Une dizaine d'anciens occupants et de copropriétaires, la fondation Abbé Pierre et la Ville de Paris se sont portés parties civiles.

La famille de Katarzyna, dont la fille a développé des "problèmes respiratoires" à cause de l'humidité, a depuis quitté le studio dans lequel ils vivaient à quatre. Mais d'autres ont dû rester, et de nouveaux locataires sont venus occuper les appartement libérés.

Dans l'immeuble à la façade fissurée, aujourd'hui encore, les habitants dépeignent des conditions de vie "honteuses". Sur les murs des couloirs, des champignons côtoient les traces de moisissures.

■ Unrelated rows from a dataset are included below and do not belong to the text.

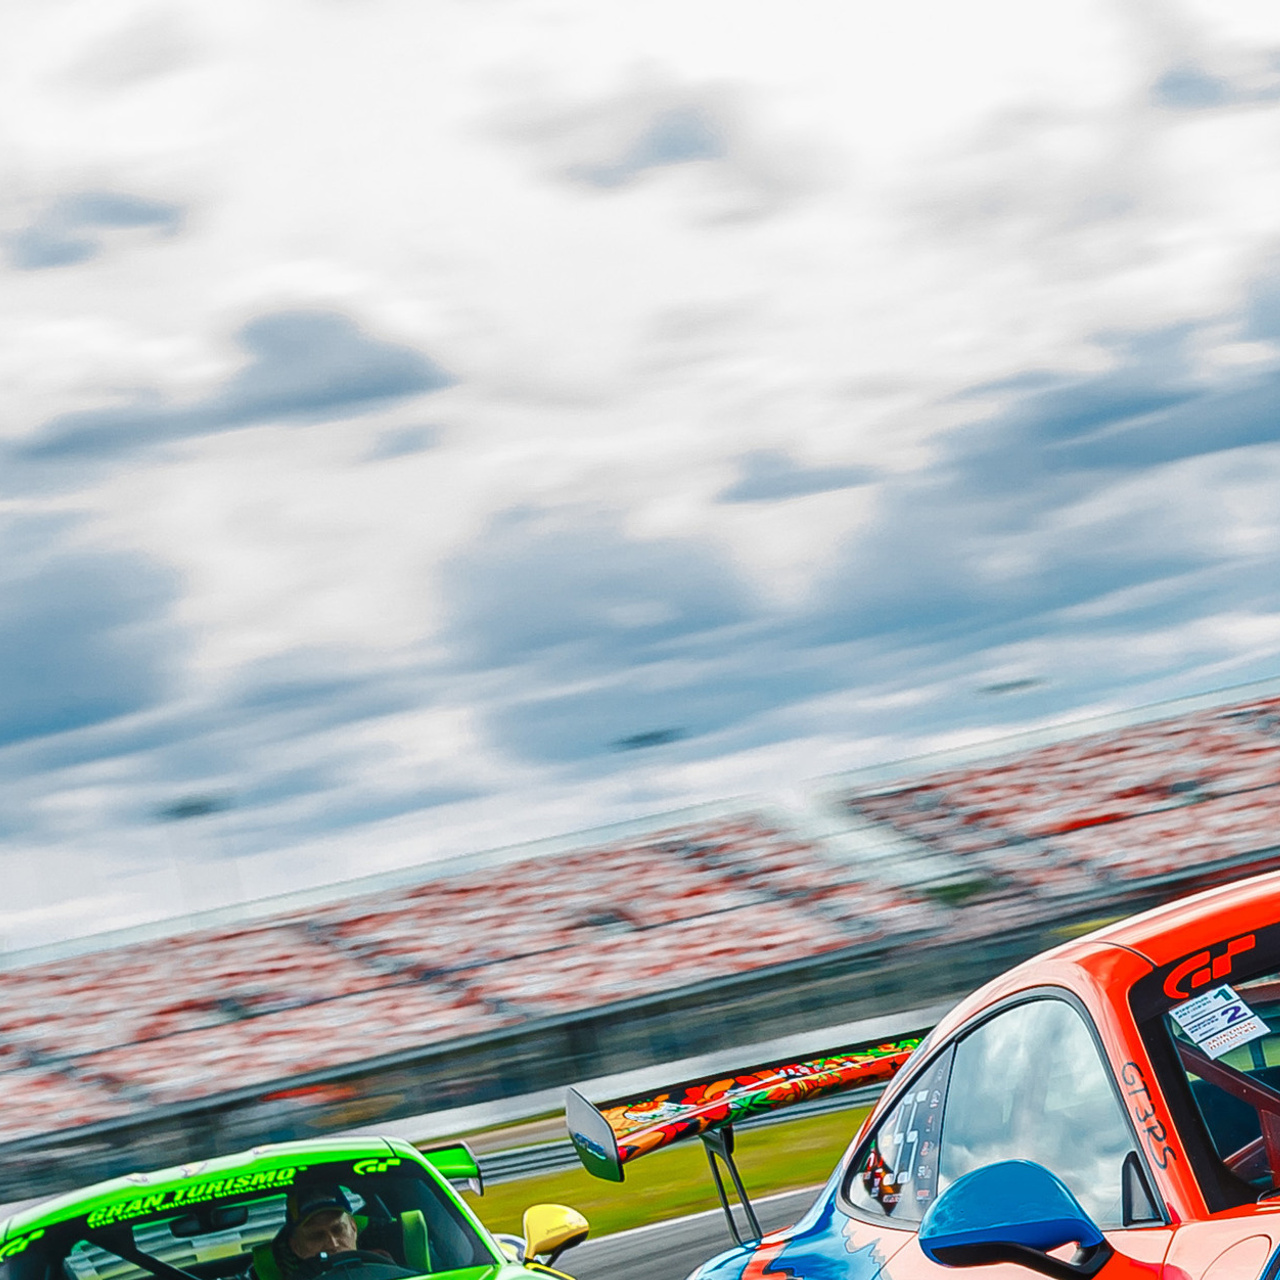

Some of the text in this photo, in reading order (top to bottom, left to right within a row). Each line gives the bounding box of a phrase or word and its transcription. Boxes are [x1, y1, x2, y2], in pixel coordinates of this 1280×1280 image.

[1213, 988, 1233, 1001] 1
[1220, 1005, 1248, 1024] 2
[1121, 1061, 1177, 1170] GT3RS
[86, 1167, 296, 1224] GRAN TURISMO
[214, 1179, 295, 1199] SIMULATOR
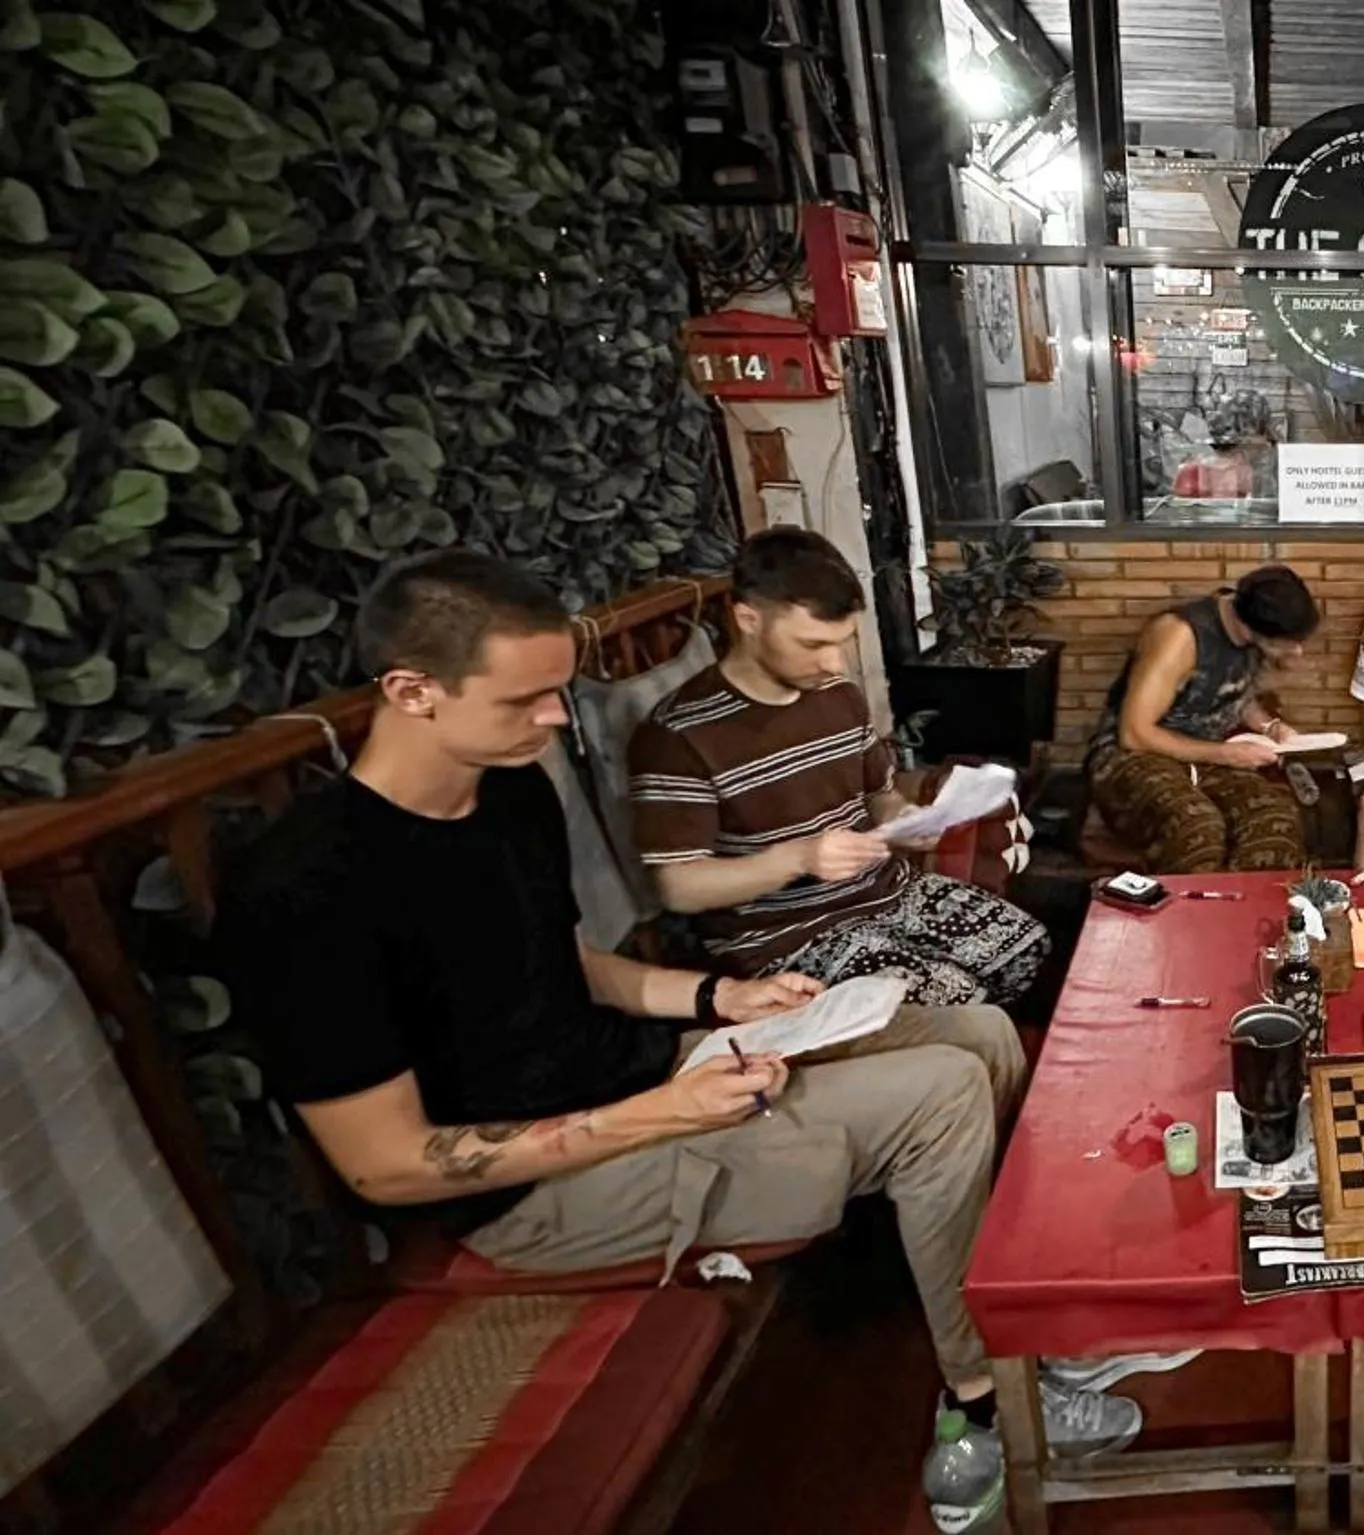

Hafed Chekkai, 42 ans, vit au troisième étage. Cet Algérien partage avec sa femme et ses deux jeunes enfants une pièce humide de 16m2 dotée d'un unique lit double, facturée 750 euros. Alors que l'eau courante de son évier a été coupée, Hafed doit maintenant "aller remplir un seau pour faire la vaisselle".

Le locataire a arrêté de payer son loyer quand il a eu connaissance de l'arrêté de péril, ainsi que la loi l'y autorise.

Mais certains de ses voisins, comme Anya (prénom modifié) ont continué de payer pendant plusieurs années. "Nous n'avons pas de papiers, vu notre situation, nous avons eu peur qu'on nous mette dehors ou nous dénonce" explique-t-elle.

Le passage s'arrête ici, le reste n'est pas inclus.